Ele sempre afirma que foi um dos responsáveis pela montagem do time que levou o Paraná à Libertadores em 2007. Orgulho que, naturalmente, nunca irá esquecer. Mas em seu retorno à Vila Capanema, após dois anos, o observador Will Rodrigues planeja ficar conhecido também por outro motivo: ter ajudado no retorno do Tricolor à Primeira Divisão em 2010.
"Eu vim para montar uma equipe visando ao Brasileiro. É nisso que nós estamos concentrados no momento", diz o olheiro. O que não significa que novas contratações não possam pintar ainda para o Paranaense a competição permite inscrições até o término da 1ª fase, na metade da semana que vem.
No entanto, é melhor não prometer nada. "Estamos correndo atrás, procurando muito. Mas não podemos iludir a torcida. Os bons jogadores estão atuando, é muito difícil que eles sejam liberados. Então, só se algo diferente acontecer", revela Rodrigues. "A verba é para o Nacional", completa.
O seu retorno foi motivado por uma "correção de rota", como definiu o vice-presidente de futebol Márcio Villela. Para garantir a continuidade do técnico Paulo Comelli (destaque na campanha que salvou o Tricolor da Terceirona) em 2009, o Paraná aceitou dar carta-branca ao treinador para que ele trouxesse os seus "homens de confiança".

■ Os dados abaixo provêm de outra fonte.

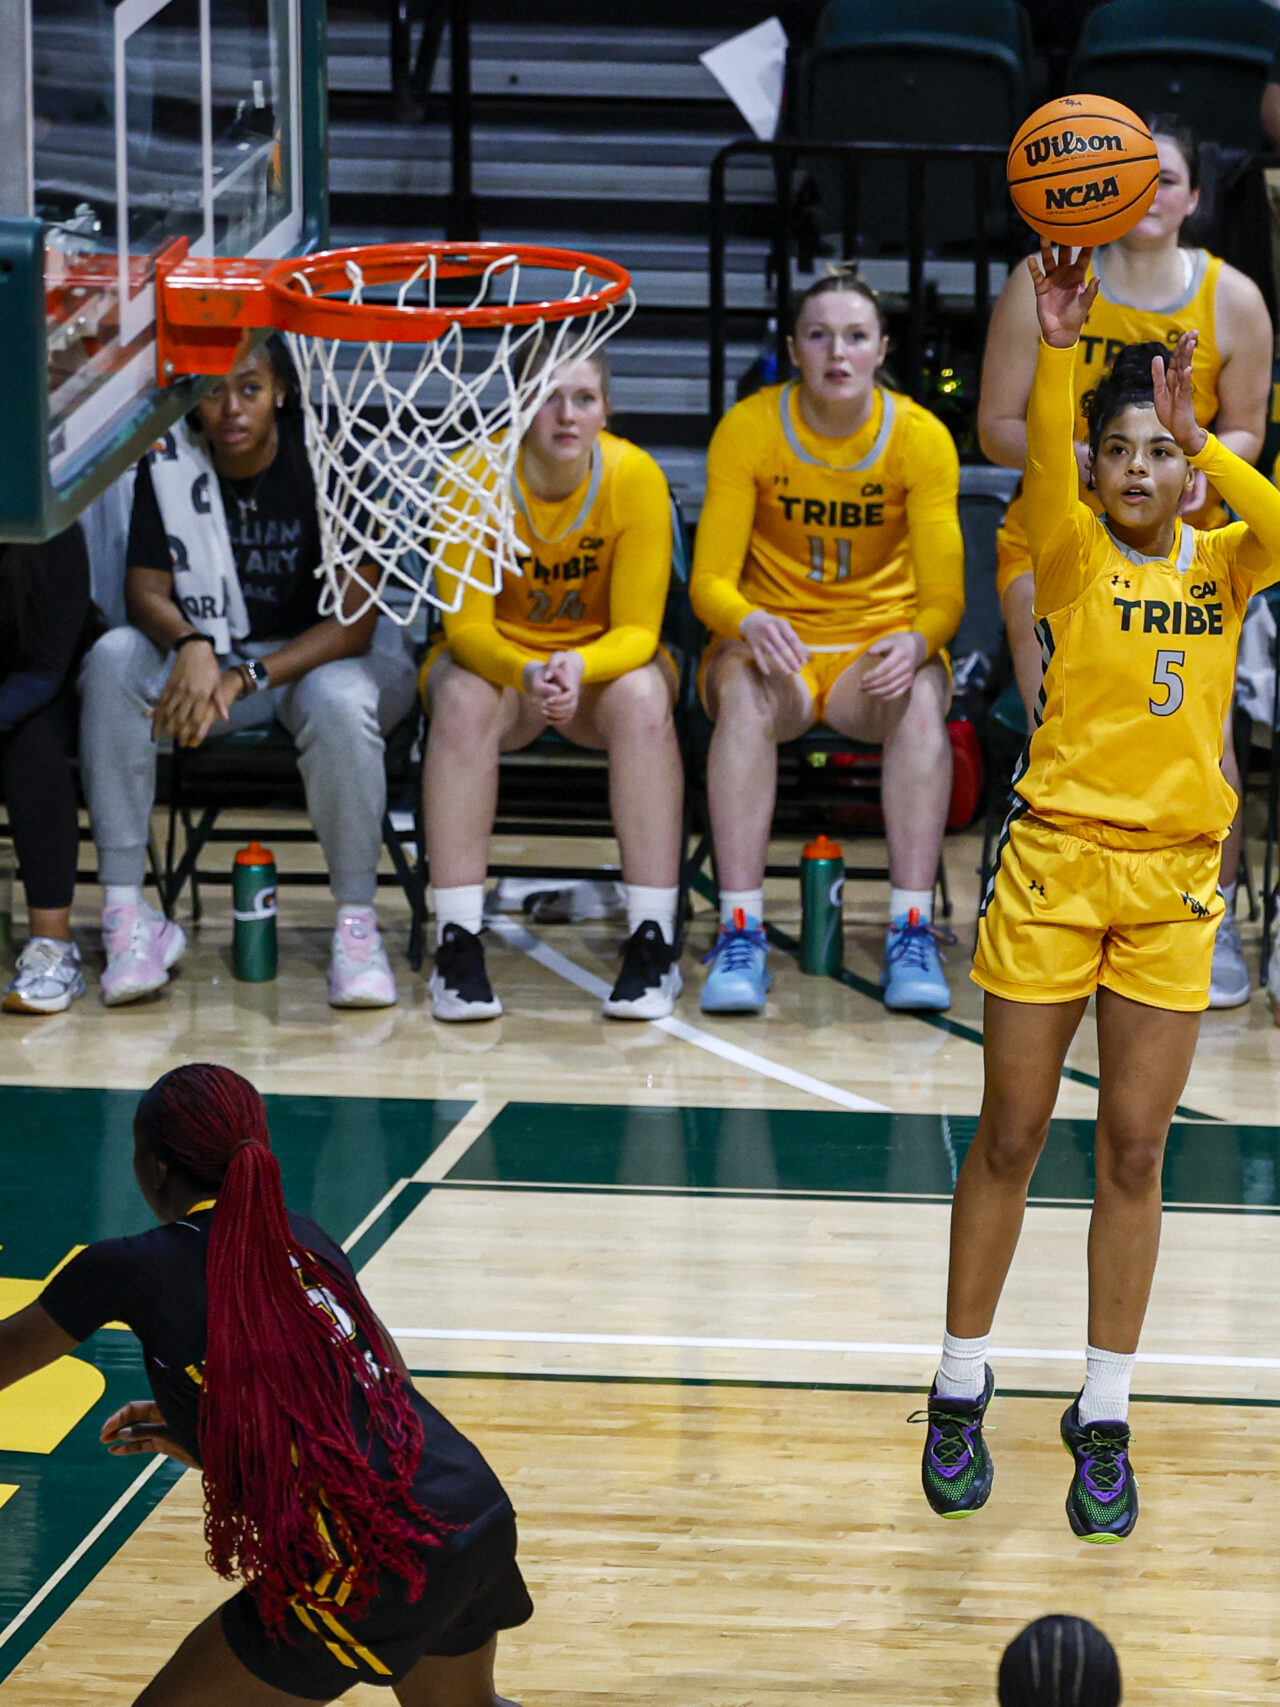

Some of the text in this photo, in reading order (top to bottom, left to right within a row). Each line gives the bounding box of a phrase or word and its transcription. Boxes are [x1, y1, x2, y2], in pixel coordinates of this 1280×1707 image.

[1024, 131, 1124, 167] Wilson
[1045, 175, 1120, 210] NCAA
[778, 494, 886, 528] TRIBE
[805, 534, 853, 582] 11
[1113, 597, 1224, 636] TRIBE
[1148, 649, 1186, 717] 5
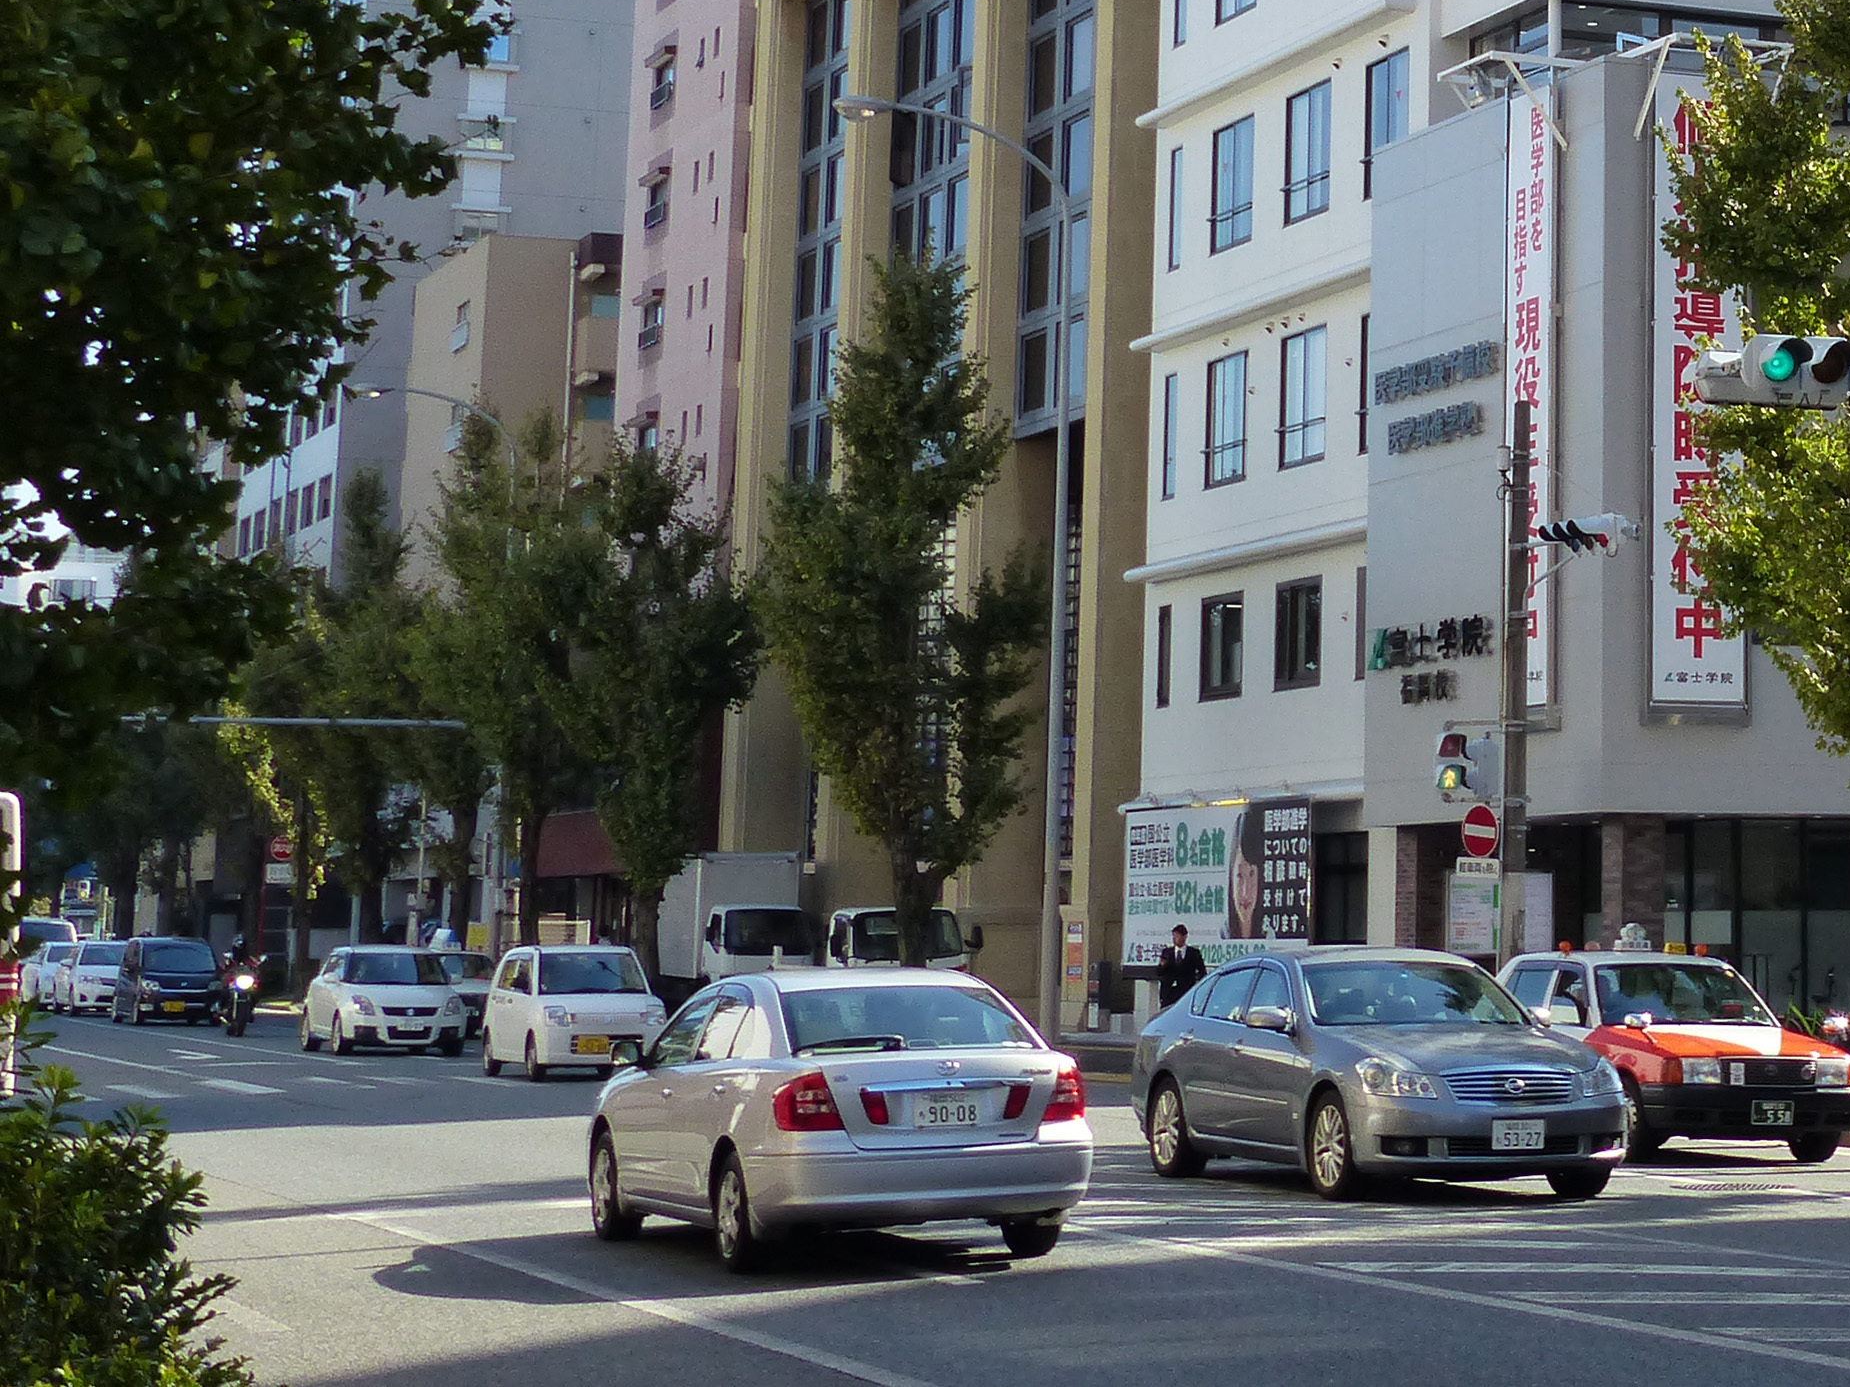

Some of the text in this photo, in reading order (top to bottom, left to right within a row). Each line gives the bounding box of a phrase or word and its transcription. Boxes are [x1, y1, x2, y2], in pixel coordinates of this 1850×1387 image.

[1513, 188, 1528, 297] 目指す
[1676, 672, 1733, 685] 富士学院
[1264, 838, 1308, 856] についての
[929, 1104, 976, 1123] 90-08
[1504, 1131, 1541, 1147] 53-27

Não deu certo. E, a partir de agora, o clube reassume a responsabilidade sobre os reforços, com Rodrigues e o gerente de futebol Beto Amorim, que ganhou mais poderes.
Ontem, o observador esteve por quase toda a tarde reunido com Villela na Vila Capanema. O principal assunto, é claro, foram os atletas já garimpados.
"Cheguei hoje de viagem (ontem) e no fim de semana tenho outra marcada, para Minas Gerais (ele já passou por Goiás e interior paulista). Tenho assistido jogos o dia inteiro, em DVD, ao vivo, tevê aberta, pay-per-view, não sei mais o que é ver um filme", diz.
Cria do ex-diretor do Paraná Vavá Ribeiro, hoje "persona non grata" para muitos paranistas, Will garante que, há tempos, caminha com as próprias pernas juntos, os dois revelaram, com a camisa do Paraná, o zagueiro Gustavo (Cruzeiro), o meia Maicosuel (Botafogo) e o atacante Borges (São Paulo), entre outros.
"Tenho muita amizade com o Vavá, mas não conversamos sobre jogadores. Assim como tenho uma ótima relação com os atuais diretores. Sempre fui respeitoso, por isso encontrei as portas abertas para a minha volta".